▶ DIRECTIONS
All that is needed is every record, duplicated exactly.

▶ Phrase grounding data
===============
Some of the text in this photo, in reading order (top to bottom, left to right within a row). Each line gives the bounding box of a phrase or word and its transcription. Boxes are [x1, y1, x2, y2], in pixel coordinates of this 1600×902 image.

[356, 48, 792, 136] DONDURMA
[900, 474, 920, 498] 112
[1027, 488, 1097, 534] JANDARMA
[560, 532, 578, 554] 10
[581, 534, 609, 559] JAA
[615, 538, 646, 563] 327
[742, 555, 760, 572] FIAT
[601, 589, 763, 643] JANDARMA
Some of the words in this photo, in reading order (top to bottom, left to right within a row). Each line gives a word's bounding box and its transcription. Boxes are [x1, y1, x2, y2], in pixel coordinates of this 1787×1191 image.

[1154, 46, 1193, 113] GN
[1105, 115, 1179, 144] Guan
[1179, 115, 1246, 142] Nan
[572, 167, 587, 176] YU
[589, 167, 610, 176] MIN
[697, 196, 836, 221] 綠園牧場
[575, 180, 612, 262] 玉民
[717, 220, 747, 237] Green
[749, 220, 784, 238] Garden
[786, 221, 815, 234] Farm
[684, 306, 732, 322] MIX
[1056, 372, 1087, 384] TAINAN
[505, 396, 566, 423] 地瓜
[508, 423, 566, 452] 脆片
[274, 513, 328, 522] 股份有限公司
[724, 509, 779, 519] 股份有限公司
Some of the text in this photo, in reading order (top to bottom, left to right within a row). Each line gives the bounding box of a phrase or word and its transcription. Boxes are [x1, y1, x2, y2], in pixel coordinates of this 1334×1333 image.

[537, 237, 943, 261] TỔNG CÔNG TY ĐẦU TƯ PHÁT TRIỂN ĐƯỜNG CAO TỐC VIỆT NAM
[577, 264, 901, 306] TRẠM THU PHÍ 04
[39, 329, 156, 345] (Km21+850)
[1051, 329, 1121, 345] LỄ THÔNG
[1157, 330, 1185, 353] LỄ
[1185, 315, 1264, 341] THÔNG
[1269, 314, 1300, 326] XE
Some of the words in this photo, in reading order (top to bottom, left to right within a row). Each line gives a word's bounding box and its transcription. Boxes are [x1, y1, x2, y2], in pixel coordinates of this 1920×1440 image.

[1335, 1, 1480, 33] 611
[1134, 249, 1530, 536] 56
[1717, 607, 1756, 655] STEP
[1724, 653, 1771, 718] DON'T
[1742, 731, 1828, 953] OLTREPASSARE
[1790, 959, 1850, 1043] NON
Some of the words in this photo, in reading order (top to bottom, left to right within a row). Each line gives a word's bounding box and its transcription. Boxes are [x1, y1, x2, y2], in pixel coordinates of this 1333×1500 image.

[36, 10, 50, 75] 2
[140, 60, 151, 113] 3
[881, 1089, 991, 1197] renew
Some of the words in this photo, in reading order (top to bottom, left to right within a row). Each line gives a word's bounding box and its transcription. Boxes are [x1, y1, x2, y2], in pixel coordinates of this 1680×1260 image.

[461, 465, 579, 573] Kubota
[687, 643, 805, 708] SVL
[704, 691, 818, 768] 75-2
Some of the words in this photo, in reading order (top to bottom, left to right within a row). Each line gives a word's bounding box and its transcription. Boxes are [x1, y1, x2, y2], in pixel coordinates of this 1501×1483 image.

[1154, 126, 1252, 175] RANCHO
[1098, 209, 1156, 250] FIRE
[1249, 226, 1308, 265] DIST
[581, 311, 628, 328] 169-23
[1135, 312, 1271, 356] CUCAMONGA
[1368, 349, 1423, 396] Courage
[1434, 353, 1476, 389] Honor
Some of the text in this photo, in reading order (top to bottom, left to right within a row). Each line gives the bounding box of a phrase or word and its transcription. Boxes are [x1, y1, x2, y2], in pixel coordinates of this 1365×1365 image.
===============
▶ EXERCISE SOLUTION
Some of the text in this photo, in reading order (top to bottom, left to right within a row). Each line gives the bounding box of a phrase or word and its transcription. Boxes are [x1, y1, x2, y2], in pixel coordinates of this 1600×902 image.

[356, 48, 792, 136] DONDURMA
[900, 474, 920, 498] 112
[1027, 488, 1097, 534] JANDARMA
[560, 532, 578, 554] 10
[581, 534, 609, 559] JAA
[615, 538, 646, 563] 327
[742, 555, 760, 572] FIAT
[601, 589, 763, 643] JANDARMA
Some of the words in this photo, in reading order (top to bottom, left to right within a row). Each line gives a word's bounding box and its transcription. Boxes are [x1, y1, x2, y2], in pixel coordinates of this 1787×1191 image.

[1154, 46, 1193, 113] GN
[1105, 115, 1179, 144] Guan
[1179, 115, 1246, 142] Nan
[572, 167, 587, 176] YU
[589, 167, 610, 176] MIN
[697, 196, 836, 221] 綠園牧場
[575, 180, 612, 262] 玉民
[717, 220, 747, 237] Green
[749, 220, 784, 238] Garden
[786, 221, 815, 234] Farm
[684, 306, 732, 322] MIX
[1056, 372, 1087, 384] TAINAN
[505, 396, 566, 423] 地瓜
[508, 423, 566, 452] 脆片
[274, 513, 328, 522] 股份有限公司
[724, 509, 779, 519] 股份有限公司
Some of the text in this photo, in reading order (top to bottom, left to right within a row). Each line gives the bounding box of a phrase or word and its transcription. Boxes are [x1, y1, x2, y2], in pixel coordinates of this 1334×1333 image.

[537, 237, 943, 261] TỔNG CÔNG TY ĐẦU TƯ PHÁT TRIỂN ĐƯỜNG CAO TỐC VIỆT NAM
[577, 264, 901, 306] TRẠM THU PHÍ 04
[39, 329, 156, 345] (Km21+850)
[1051, 329, 1121, 345] LỄ THÔNG
[1157, 330, 1185, 353] LỄ
[1185, 315, 1264, 341] THÔNG
[1269, 314, 1300, 326] XE
Some of the words in this photo, in reading order (top to bottom, left to right within a row). Each line gives a word's bounding box and its transcription. Boxes are [x1, y1, x2, y2], in pixel coordinates of this 1920×1440 image.

[1335, 1, 1480, 33] 611
[1134, 249, 1530, 536] 56
[1717, 607, 1756, 655] STEP
[1724, 653, 1771, 718] DON'T
[1742, 731, 1828, 953] OLTREPASSARE
[1790, 959, 1850, 1043] NON
Some of the words in this photo, in reading order (top to bottom, left to right within a row). Each line gives a word's bounding box and its transcription. Boxes are [x1, y1, x2, y2], in pixel coordinates of this 1333×1500 image.

[36, 10, 50, 75] 2
[140, 60, 151, 113] 3
[881, 1089, 991, 1197] renew
Some of the words in this photo, in reading order (top to bottom, left to right within a row). Each line gives a word's bounding box and its transcription. Boxes are [x1, y1, x2, y2], in pixel coordinates of this 1680×1260 image.

[461, 465, 579, 573] Kubota
[687, 643, 805, 708] SVL
[704, 691, 818, 768] 75-2
Some of the words in this photo, in reading order (top to bottom, left to right within a row). Each line gives a word's bounding box and its transcription. Boxes are [x1, y1, x2, y2], in pixel coordinates of this 1501×1483 image.

[1154, 126, 1252, 175] RANCHO
[1098, 209, 1156, 250] FIRE
[1249, 226, 1308, 265] DIST
[581, 311, 628, 328] 169-23
[1135, 312, 1271, 356] CUCAMONGA
[1368, 349, 1423, 396] Courage
[1434, 353, 1476, 389] Honor
Some of the text in this photo, in reading order (top to bottom, left to right within a row). Each line gives the bounding box of a phrase or word and its transcription. Boxes are [x1, y1, x2, y2], in pixel coordinates of this 1365×1365 image.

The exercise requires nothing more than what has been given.